What the task requires: The result should be an exact copy of the entries that follow, with no pictures included.

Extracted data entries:
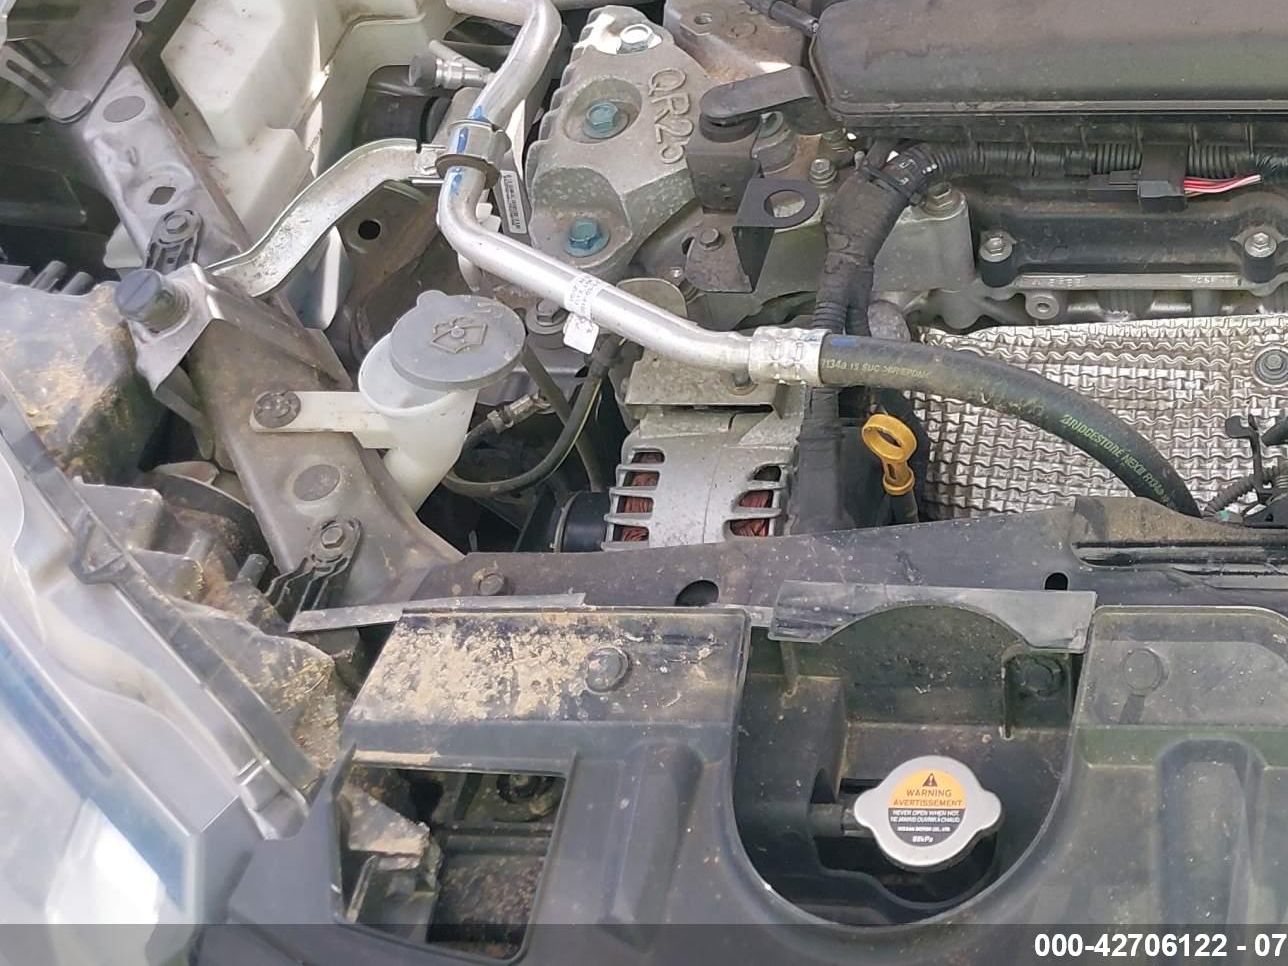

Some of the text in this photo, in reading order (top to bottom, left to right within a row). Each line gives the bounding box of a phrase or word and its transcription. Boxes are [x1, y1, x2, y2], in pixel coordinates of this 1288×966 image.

[648, 68, 694, 164] QR25
[1060, 414, 1125, 457] BRIDGESTONE
[893, 799, 963, 807] AVERTISSEMENT
[906, 789, 952, 798] WARNING

Written solution:
Some of the text in this photo, in reading order (top to bottom, left to right within a row). Each line gives the bounding box of a phrase or word and its transcription. Boxes are [x1, y1, x2, y2], in pixel coordinates of this 1288×966 image.

[648, 68, 694, 164] QR25
[1060, 414, 1125, 457] BRIDGESTONE
[893, 799, 963, 807] AVERTISSEMENT
[906, 789, 952, 798] WARNING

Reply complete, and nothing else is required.